BEGIN Provided material

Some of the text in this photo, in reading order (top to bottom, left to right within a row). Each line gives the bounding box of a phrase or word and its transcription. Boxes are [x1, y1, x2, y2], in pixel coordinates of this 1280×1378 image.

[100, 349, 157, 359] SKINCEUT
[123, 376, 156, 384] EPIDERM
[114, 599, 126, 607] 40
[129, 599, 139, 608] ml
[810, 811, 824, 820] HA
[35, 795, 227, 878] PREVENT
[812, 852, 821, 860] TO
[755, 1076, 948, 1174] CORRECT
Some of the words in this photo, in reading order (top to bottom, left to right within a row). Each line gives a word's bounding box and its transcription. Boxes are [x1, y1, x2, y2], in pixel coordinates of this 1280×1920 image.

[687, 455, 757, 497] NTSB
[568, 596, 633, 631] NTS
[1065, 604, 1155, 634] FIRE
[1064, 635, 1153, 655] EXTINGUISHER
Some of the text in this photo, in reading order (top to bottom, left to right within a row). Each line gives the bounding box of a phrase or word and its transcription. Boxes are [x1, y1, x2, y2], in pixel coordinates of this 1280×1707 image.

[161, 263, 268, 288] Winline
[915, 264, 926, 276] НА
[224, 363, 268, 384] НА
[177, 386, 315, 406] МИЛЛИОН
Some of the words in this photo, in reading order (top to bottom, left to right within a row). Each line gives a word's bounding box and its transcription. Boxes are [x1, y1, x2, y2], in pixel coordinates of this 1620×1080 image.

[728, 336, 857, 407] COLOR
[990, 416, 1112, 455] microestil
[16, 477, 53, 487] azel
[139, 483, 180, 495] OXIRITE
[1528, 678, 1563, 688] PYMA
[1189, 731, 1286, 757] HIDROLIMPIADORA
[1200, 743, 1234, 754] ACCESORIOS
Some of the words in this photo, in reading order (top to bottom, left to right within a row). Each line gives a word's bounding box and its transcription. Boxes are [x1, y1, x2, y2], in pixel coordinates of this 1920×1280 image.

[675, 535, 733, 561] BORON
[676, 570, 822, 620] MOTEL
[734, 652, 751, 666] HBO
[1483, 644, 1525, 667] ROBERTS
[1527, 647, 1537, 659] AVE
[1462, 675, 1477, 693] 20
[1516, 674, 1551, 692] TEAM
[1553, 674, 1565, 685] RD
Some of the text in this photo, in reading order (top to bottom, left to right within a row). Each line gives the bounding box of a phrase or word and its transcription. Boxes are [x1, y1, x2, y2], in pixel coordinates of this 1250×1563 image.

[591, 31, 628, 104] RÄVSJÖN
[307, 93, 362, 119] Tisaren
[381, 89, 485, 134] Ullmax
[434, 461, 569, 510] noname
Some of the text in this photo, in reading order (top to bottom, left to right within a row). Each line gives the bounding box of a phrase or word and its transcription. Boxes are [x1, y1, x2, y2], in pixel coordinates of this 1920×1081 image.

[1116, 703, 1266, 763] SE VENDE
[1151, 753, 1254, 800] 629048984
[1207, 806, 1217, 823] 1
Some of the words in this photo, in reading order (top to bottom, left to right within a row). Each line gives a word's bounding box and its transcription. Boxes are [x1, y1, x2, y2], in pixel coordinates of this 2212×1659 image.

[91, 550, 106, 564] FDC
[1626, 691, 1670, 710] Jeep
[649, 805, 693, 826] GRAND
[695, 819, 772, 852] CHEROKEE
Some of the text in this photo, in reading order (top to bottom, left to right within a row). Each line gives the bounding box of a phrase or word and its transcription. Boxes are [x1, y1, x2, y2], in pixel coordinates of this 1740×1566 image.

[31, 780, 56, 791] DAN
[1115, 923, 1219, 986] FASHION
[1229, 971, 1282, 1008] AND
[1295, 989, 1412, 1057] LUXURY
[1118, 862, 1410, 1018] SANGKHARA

END Provided material

> [Task to complete]:
Repeat the entire listing exactly.

> [Exercise output]:
Some of the text in this photo, in reading order (top to bottom, left to right within a row). Each line gives the bounding box of a phrase or word and its transcription. Boxes are [x1, y1, x2, y2], in pixel coordinates of this 1280×1378 image.

[100, 349, 157, 359] SKINCEUT
[123, 376, 156, 384] EPIDERM
[114, 599, 126, 607] 40
[129, 599, 139, 608] ml
[810, 811, 824, 820] HA
[35, 795, 227, 878] PREVENT
[812, 852, 821, 860] TO
[755, 1076, 948, 1174] CORRECT
Some of the words in this photo, in reading order (top to bottom, left to right within a row). Each line gives a word's bounding box and its transcription. Boxes are [x1, y1, x2, y2], in pixel coordinates of this 1280×1920 image.

[687, 455, 757, 497] NTSB
[568, 596, 633, 631] NTS
[1065, 604, 1155, 634] FIRE
[1064, 635, 1153, 655] EXTINGUISHER
Some of the text in this photo, in reading order (top to bottom, left to right within a row). Each line gives the bounding box of a phrase or word and its transcription. Boxes are [x1, y1, x2, y2], in pixel coordinates of this 1280×1707 image.

[161, 263, 268, 288] Winline
[915, 264, 926, 276] НА
[224, 363, 268, 384] НА
[177, 386, 315, 406] МИЛЛИОН
Some of the words in this photo, in reading order (top to bottom, left to right within a row). Each line gives a word's bounding box and its transcription. Boxes are [x1, y1, x2, y2], in pixel coordinates of this 1620×1080 image.

[728, 336, 857, 407] COLOR
[990, 416, 1112, 455] microestil
[16, 477, 53, 487] azel
[139, 483, 180, 495] OXIRITE
[1528, 678, 1563, 688] PYMA
[1189, 731, 1286, 757] HIDROLIMPIADORA
[1200, 743, 1234, 754] ACCESORIOS
Some of the words in this photo, in reading order (top to bottom, left to right within a row). Each line gives a word's bounding box and its transcription. Boxes are [x1, y1, x2, y2], in pixel coordinates of this 1920×1280 image.

[675, 535, 733, 561] BORON
[676, 570, 822, 620] MOTEL
[734, 652, 751, 666] HBO
[1483, 644, 1525, 667] ROBERTS
[1527, 647, 1537, 659] AVE
[1462, 675, 1477, 693] 20
[1516, 674, 1551, 692] TEAM
[1553, 674, 1565, 685] RD
Some of the text in this photo, in reading order (top to bottom, left to right within a row). Each line gives the bounding box of a phrase or word and its transcription. Boxes are [x1, y1, x2, y2], in pixel coordinates of this 1250×1563 image.

[591, 31, 628, 104] RÄVSJÖN
[307, 93, 362, 119] Tisaren
[381, 89, 485, 134] Ullmax
[434, 461, 569, 510] noname
Some of the text in this photo, in reading order (top to bottom, left to right within a row). Each line gives the bounding box of a phrase or word and its transcription. Boxes are [x1, y1, x2, y2], in pixel coordinates of this 1920×1081 image.

[1116, 703, 1266, 763] SE VENDE
[1151, 753, 1254, 800] 629048984
[1207, 806, 1217, 823] 1
Some of the words in this photo, in reading order (top to bottom, left to right within a row). Each line gives a word's bounding box and its transcription. Boxes are [x1, y1, x2, y2], in pixel coordinates of this 2212×1659 image.

[91, 550, 106, 564] FDC
[1626, 691, 1670, 710] Jeep
[649, 805, 693, 826] GRAND
[695, 819, 772, 852] CHEROKEE
Some of the text in this photo, in reading order (top to bottom, left to right within a row). Each line gives the bounding box of a phrase or word and its transcription. Boxes are [x1, y1, x2, y2], in pixel coordinates of this 1740×1566 image.

[31, 780, 56, 791] DAN
[1115, 923, 1219, 986] FASHION
[1229, 971, 1282, 1008] AND
[1295, 989, 1412, 1057] LUXURY
[1118, 862, 1410, 1018] SANGKHARA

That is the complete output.